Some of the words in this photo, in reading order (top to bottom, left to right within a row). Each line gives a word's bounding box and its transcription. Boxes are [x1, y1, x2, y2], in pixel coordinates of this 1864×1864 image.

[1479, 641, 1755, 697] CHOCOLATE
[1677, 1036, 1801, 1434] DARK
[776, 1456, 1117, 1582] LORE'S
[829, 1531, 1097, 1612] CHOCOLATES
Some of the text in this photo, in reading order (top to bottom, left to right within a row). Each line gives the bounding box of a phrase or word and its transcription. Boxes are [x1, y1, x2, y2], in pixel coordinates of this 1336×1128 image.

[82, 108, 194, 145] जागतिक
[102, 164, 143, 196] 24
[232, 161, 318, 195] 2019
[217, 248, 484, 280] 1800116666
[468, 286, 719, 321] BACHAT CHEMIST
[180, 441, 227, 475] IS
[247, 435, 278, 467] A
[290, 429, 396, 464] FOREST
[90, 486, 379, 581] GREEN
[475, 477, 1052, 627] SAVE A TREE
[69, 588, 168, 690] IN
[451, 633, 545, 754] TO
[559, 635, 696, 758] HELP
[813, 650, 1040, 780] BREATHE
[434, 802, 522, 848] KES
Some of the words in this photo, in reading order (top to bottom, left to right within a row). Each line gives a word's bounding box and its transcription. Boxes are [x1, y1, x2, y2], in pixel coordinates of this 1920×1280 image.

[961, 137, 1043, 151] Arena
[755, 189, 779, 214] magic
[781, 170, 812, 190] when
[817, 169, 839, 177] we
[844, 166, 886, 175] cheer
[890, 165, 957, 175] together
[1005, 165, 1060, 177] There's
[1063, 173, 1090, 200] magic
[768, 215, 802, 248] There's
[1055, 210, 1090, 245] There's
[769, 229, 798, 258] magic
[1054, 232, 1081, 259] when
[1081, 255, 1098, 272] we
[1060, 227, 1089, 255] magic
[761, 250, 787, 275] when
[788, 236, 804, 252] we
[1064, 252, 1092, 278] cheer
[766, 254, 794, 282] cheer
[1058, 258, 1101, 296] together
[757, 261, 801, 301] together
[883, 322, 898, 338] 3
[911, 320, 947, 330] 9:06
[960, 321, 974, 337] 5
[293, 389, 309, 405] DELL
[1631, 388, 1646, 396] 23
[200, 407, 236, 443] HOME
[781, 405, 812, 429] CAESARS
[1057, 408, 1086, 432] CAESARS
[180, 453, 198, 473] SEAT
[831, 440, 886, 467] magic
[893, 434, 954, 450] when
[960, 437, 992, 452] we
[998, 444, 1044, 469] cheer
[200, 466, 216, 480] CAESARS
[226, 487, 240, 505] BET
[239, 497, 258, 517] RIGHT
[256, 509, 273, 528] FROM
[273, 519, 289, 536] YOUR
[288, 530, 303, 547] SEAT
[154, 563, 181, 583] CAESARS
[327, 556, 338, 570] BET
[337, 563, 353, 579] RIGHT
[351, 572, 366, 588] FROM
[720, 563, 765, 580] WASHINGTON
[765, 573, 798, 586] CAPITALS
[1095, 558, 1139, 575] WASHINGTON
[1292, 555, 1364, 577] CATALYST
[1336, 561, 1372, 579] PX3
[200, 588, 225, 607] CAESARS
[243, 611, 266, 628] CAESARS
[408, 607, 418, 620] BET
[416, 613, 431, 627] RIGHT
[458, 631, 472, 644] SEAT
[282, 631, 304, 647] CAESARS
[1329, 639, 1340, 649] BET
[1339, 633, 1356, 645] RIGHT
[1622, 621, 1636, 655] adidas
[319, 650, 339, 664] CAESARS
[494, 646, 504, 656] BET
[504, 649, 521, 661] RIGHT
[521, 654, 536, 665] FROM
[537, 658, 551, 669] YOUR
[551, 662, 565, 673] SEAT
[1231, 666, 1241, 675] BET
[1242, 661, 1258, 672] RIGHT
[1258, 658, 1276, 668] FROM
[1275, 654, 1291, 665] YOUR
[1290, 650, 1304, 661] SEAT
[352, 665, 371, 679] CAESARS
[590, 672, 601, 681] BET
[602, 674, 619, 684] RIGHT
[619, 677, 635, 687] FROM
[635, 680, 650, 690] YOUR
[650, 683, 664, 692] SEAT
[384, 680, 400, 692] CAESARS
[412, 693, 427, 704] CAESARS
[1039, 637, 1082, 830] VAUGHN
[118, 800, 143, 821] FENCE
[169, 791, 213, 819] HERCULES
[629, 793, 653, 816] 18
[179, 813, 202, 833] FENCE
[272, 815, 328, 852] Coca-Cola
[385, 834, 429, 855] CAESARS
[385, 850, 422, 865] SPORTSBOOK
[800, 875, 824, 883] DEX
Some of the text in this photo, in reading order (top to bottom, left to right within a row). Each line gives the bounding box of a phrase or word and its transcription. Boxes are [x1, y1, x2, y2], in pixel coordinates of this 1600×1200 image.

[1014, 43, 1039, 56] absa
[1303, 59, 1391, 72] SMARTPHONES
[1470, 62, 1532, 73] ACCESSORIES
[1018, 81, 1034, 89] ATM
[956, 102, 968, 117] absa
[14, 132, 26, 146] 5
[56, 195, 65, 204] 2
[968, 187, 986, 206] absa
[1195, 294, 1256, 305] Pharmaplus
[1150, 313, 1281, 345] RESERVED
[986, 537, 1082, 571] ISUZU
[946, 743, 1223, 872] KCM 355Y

··········

ASSIGNED TASK
Output an exact copy of each record.

EXERCISE SOLUTION
Some of the words in this photo, in reading order (top to bottom, left to right within a row). Each line gives a word's bounding box and its transcription. Boxes are [x1, y1, x2, y2], in pixel coordinates of this 1864×1864 image.

[1479, 641, 1755, 697] CHOCOLATE
[1677, 1036, 1801, 1434] DARK
[776, 1456, 1117, 1582] LORE'S
[829, 1531, 1097, 1612] CHOCOLATES
Some of the text in this photo, in reading order (top to bottom, left to right within a row). Each line gives the bounding box of a phrase or word and its transcription. Boxes are [x1, y1, x2, y2], in pixel coordinates of this 1336×1128 image.

[82, 108, 194, 145] जागतिक
[102, 164, 143, 196] 24
[232, 161, 318, 195] 2019
[217, 248, 484, 280] 1800116666
[468, 286, 719, 321] BACHAT CHEMIST
[180, 441, 227, 475] IS
[247, 435, 278, 467] A
[290, 429, 396, 464] FOREST
[90, 486, 379, 581] GREEN
[475, 477, 1052, 627] SAVE A TREE
[69, 588, 168, 690] IN
[451, 633, 545, 754] TO
[559, 635, 696, 758] HELP
[813, 650, 1040, 780] BREATHE
[434, 802, 522, 848] KES
Some of the words in this photo, in reading order (top to bottom, left to right within a row). Each line gives a word's bounding box and its transcription. Boxes are [x1, y1, x2, y2], in pixel coordinates of this 1920×1280 image.

[961, 137, 1043, 151] Arena
[755, 189, 779, 214] magic
[781, 170, 812, 190] when
[817, 169, 839, 177] we
[844, 166, 886, 175] cheer
[890, 165, 957, 175] together
[1005, 165, 1060, 177] There's
[1063, 173, 1090, 200] magic
[768, 215, 802, 248] There's
[1055, 210, 1090, 245] There's
[769, 229, 798, 258] magic
[1054, 232, 1081, 259] when
[1081, 255, 1098, 272] we
[1060, 227, 1089, 255] magic
[761, 250, 787, 275] when
[788, 236, 804, 252] we
[1064, 252, 1092, 278] cheer
[766, 254, 794, 282] cheer
[1058, 258, 1101, 296] together
[757, 261, 801, 301] together
[883, 322, 898, 338] 3
[911, 320, 947, 330] 9:06
[960, 321, 974, 337] 5
[293, 389, 309, 405] DELL
[1631, 388, 1646, 396] 23
[200, 407, 236, 443] HOME
[781, 405, 812, 429] CAESARS
[1057, 408, 1086, 432] CAESARS
[180, 453, 198, 473] SEAT
[831, 440, 886, 467] magic
[893, 434, 954, 450] when
[960, 437, 992, 452] we
[998, 444, 1044, 469] cheer
[200, 466, 216, 480] CAESARS
[226, 487, 240, 505] BET
[239, 497, 258, 517] RIGHT
[256, 509, 273, 528] FROM
[273, 519, 289, 536] YOUR
[288, 530, 303, 547] SEAT
[154, 563, 181, 583] CAESARS
[327, 556, 338, 570] BET
[337, 563, 353, 579] RIGHT
[351, 572, 366, 588] FROM
[720, 563, 765, 580] WASHINGTON
[765, 573, 798, 586] CAPITALS
[1095, 558, 1139, 575] WASHINGTON
[1292, 555, 1364, 577] CATALYST
[1336, 561, 1372, 579] PX3
[200, 588, 225, 607] CAESARS
[243, 611, 266, 628] CAESARS
[408, 607, 418, 620] BET
[416, 613, 431, 627] RIGHT
[458, 631, 472, 644] SEAT
[282, 631, 304, 647] CAESARS
[1329, 639, 1340, 649] BET
[1339, 633, 1356, 645] RIGHT
[1622, 621, 1636, 655] adidas
[319, 650, 339, 664] CAESARS
[494, 646, 504, 656] BET
[504, 649, 521, 661] RIGHT
[521, 654, 536, 665] FROM
[537, 658, 551, 669] YOUR
[551, 662, 565, 673] SEAT
[1231, 666, 1241, 675] BET
[1242, 661, 1258, 672] RIGHT
[1258, 658, 1276, 668] FROM
[1275, 654, 1291, 665] YOUR
[1290, 650, 1304, 661] SEAT
[352, 665, 371, 679] CAESARS
[590, 672, 601, 681] BET
[602, 674, 619, 684] RIGHT
[619, 677, 635, 687] FROM
[635, 680, 650, 690] YOUR
[650, 683, 664, 692] SEAT
[384, 680, 400, 692] CAESARS
[412, 693, 427, 704] CAESARS
[1039, 637, 1082, 830] VAUGHN
[118, 800, 143, 821] FENCE
[169, 791, 213, 819] HERCULES
[629, 793, 653, 816] 18
[179, 813, 202, 833] FENCE
[272, 815, 328, 852] Coca-Cola
[385, 834, 429, 855] CAESARS
[385, 850, 422, 865] SPORTSBOOK
[800, 875, 824, 883] DEX
Some of the text in this photo, in reading order (top to bottom, left to right within a row). Each line gives the bounding box of a phrase or word and its transcription. Boxes are [x1, y1, x2, y2], in pixel coordinates of this 1600×1200 image.

[1014, 43, 1039, 56] absa
[1303, 59, 1391, 72] SMARTPHONES
[1470, 62, 1532, 73] ACCESSORIES
[1018, 81, 1034, 89] ATM
[956, 102, 968, 117] absa
[14, 132, 26, 146] 5
[56, 195, 65, 204] 2
[968, 187, 986, 206] absa
[1195, 294, 1256, 305] Pharmaplus
[1150, 313, 1281, 345] RESERVED
[986, 537, 1082, 571] ISUZU
[946, 743, 1223, 872] KCM 355Y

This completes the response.